Di desa baturusa kecamatan merawang kabupaten bangka (31/07/25).
Warga Desa baturusa Kecamatan merawang, Kabupaten Bangka, desak pihak kepolisian untuk bertindak tegas terhadap aktivitas pembelian pasir timah ilegal yang semakin meresahkan.
Salah satu nama yang mencuat dalam praktik ini adalah ATUS warga Desa batu rusa, yang diduga kuat sebagai kolektor yang membeli pasir timah dari para penambang liar.
Aktivitas ini tidak hanya melanggar hukum, tetapi juga merusak lingkungan dan merugikan negara dari sisi pendapatan.
“Kami mohon dengan sangat kepada Bapak Kapolsek merawang untuk segera mengambil tindakan tegas.

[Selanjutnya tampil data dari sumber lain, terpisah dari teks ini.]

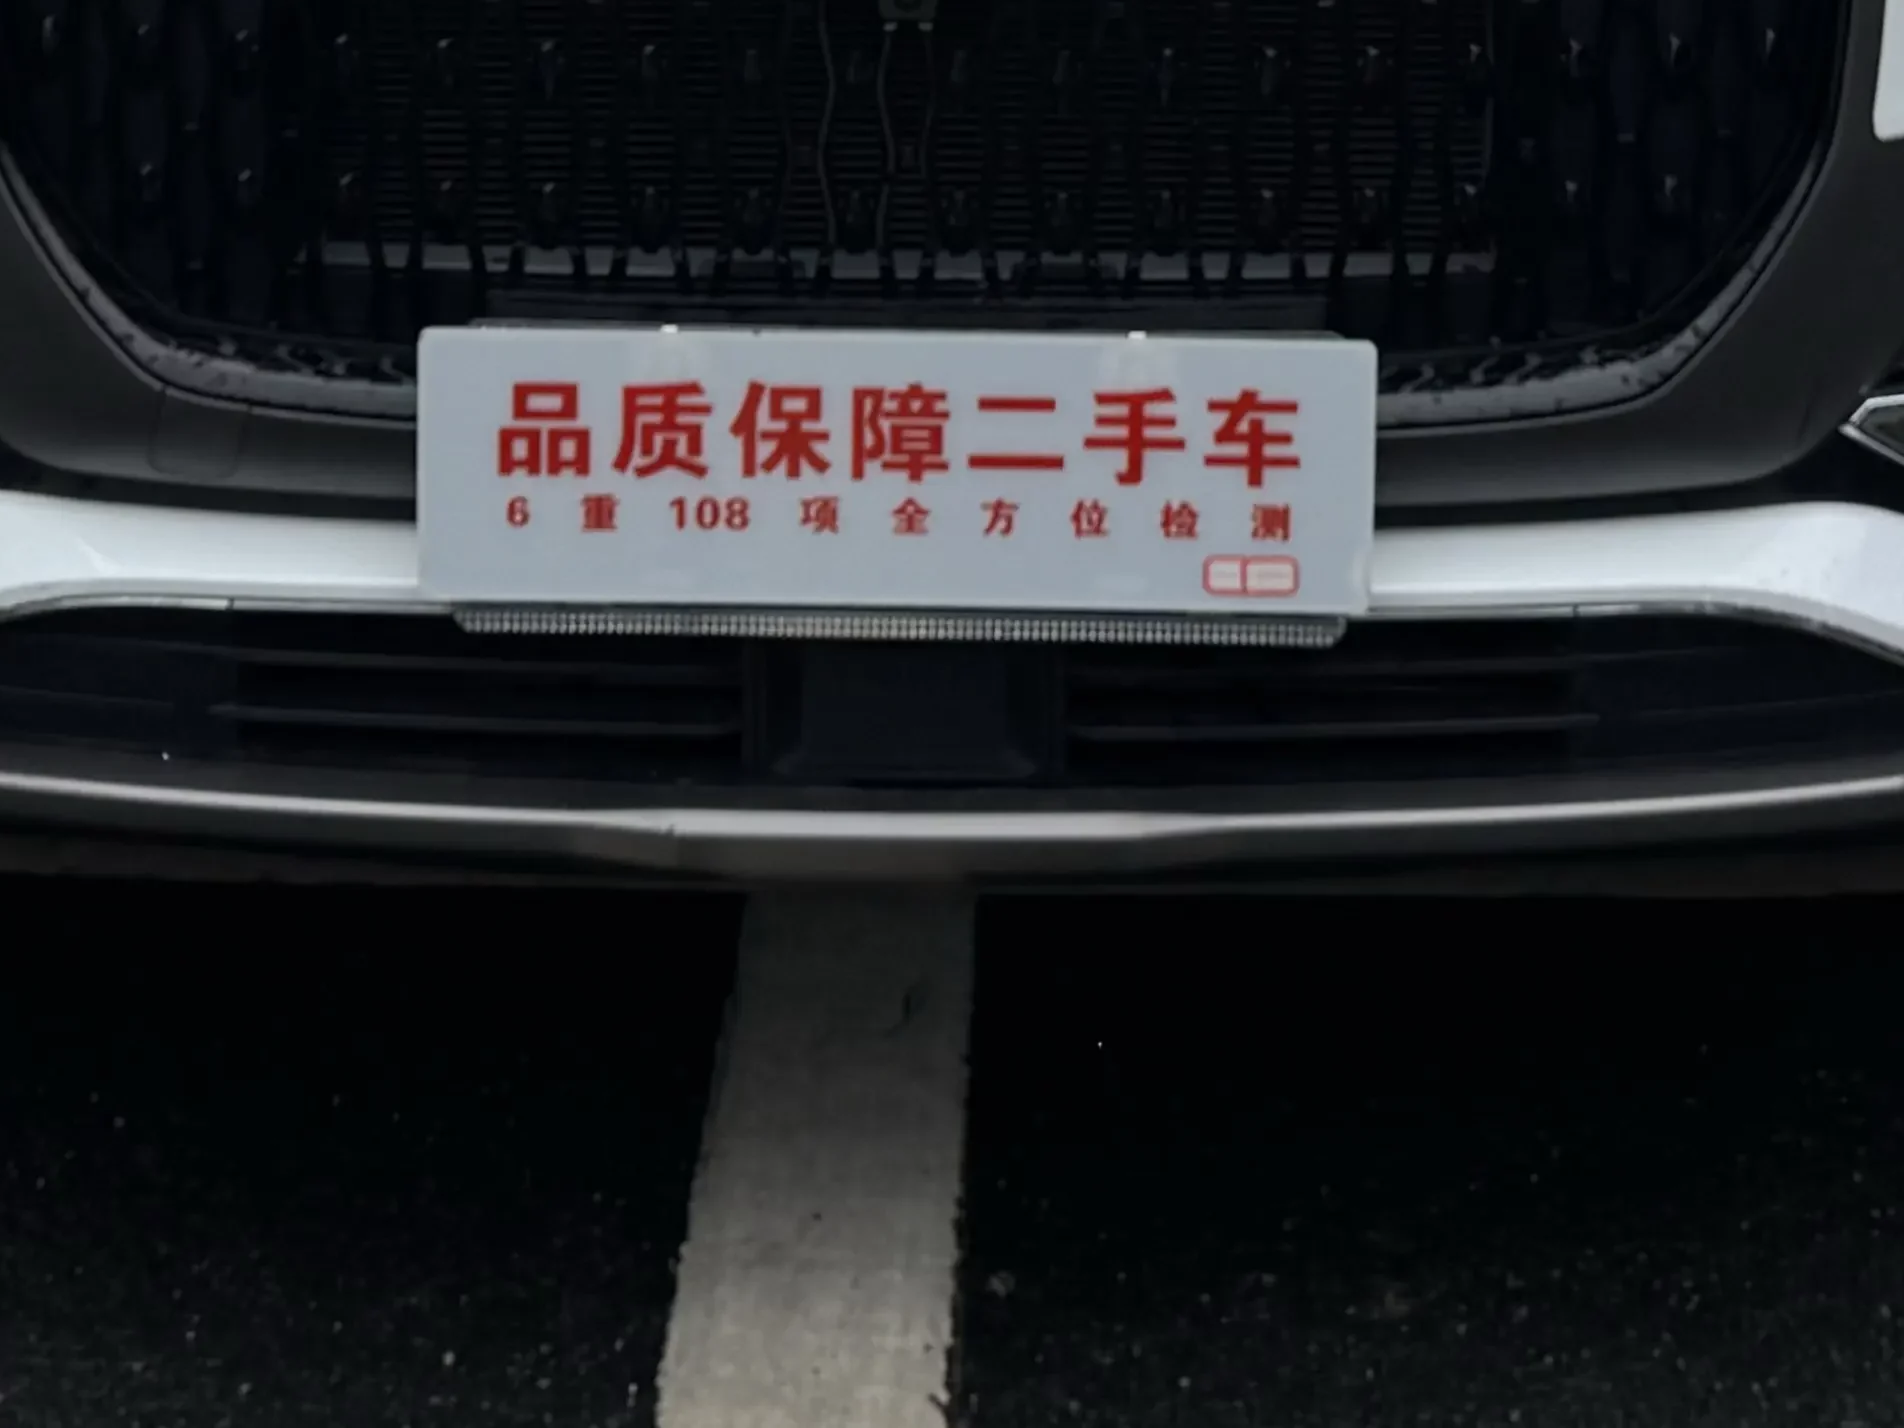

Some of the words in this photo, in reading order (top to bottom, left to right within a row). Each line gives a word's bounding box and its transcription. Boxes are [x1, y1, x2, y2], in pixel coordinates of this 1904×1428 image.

[496, 379, 1302, 489] 品质保障二手车

Jangan biarkan praktik ini terus berlangsung dan menjadi contoh buruk bagi masyarakat,” ungkap salah satu warga yang enggan disebut namanya.
Warga berharap aparat penegak hukum segera turun tangan dan menindak para pelaku, baik penambang tanpa izin maupun kolektor ilegal yang memperdagangkan hasil tambang dari sumber yang tidak sah.
Situasi ini menambah daftar panjang masalah pertambangan ilegal di wilayah Bangka Belitung, yang selama ini masih menjadi PR besar bagi aparat penegak hukum dan pemerintah daerah.